TL;DR
A desiccant dehumidifier is a drying machine that strips moisture from air by passing it over a slowly rotating wheel coated with adsorbent silica, rather than condensing it on cold refrigerant coils. Because it works without a condensation cycle, it keeps performing in cold spaces and at low humidity levels where refrigerant units stall, and it can deliver air at extremely low dew points.
What it means
A desiccant dehumidifier is a drying machine that strips moisture from air by passing it over a slowly rotating wheel coated with adsorbent silica, rather than condensing it on cold refrigerant coils. Because it works without a condensation cycle, it keeps performing in cold spaces and at low humidity levels where refrigerant units stall, and it can deliver air at extremely low dew points. Restoration contractors deploy these on dense, slow-drying materials, hardwood floors, plaster, framing lumber, and the daily rental rate on the drying log will read higher than a standard LGR dehumidifier's.

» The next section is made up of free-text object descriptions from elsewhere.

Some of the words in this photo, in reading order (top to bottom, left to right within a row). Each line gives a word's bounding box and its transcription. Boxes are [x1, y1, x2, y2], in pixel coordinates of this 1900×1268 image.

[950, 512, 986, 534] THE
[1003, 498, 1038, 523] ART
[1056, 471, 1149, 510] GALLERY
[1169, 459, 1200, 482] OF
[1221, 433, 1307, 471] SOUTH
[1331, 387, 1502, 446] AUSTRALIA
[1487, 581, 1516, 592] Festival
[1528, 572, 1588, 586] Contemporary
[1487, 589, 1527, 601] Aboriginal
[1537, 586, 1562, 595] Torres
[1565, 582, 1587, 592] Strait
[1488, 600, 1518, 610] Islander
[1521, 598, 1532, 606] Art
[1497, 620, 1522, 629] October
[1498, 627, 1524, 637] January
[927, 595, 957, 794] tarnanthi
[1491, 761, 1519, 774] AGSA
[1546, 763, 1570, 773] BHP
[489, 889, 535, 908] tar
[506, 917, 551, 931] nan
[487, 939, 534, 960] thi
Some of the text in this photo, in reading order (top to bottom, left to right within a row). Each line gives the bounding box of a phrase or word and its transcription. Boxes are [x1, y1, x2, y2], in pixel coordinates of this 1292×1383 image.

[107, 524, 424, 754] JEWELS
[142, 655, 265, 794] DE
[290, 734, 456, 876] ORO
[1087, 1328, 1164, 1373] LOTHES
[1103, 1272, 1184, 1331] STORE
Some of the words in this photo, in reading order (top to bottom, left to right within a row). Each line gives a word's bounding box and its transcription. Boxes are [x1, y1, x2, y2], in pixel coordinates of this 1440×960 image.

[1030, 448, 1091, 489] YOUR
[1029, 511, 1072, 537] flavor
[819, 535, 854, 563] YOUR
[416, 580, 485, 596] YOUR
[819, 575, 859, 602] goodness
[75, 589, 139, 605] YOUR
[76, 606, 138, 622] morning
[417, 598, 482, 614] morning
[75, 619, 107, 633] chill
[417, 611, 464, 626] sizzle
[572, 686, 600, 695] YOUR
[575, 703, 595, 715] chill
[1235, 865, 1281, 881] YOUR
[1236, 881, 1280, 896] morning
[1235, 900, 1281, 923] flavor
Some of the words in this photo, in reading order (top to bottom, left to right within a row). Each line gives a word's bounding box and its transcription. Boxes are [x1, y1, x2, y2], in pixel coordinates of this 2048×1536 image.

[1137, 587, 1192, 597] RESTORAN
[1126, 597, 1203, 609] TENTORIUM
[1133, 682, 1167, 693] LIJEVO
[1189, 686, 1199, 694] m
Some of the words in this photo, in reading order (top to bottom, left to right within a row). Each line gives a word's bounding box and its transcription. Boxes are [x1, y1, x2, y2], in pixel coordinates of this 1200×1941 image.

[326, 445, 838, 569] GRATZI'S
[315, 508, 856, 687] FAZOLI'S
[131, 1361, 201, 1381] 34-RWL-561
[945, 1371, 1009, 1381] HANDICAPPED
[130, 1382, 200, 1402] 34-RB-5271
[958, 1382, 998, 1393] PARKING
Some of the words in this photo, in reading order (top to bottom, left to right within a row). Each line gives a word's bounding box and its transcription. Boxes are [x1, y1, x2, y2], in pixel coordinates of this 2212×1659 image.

Where it sits in the glossary
Desiccant dehumidifier is part of the Trade jargon group inside the ProFix Directory glossary. Browse every term in this category from the glossary index.
Why Ohio homeowners should know it
This is a term Ohio homeowners encounter when reading contractor quotes, hiring paperwork, or inspection reports. Understanding it well enough to ask one good follow-up question is usually all the protection a homeowner needs.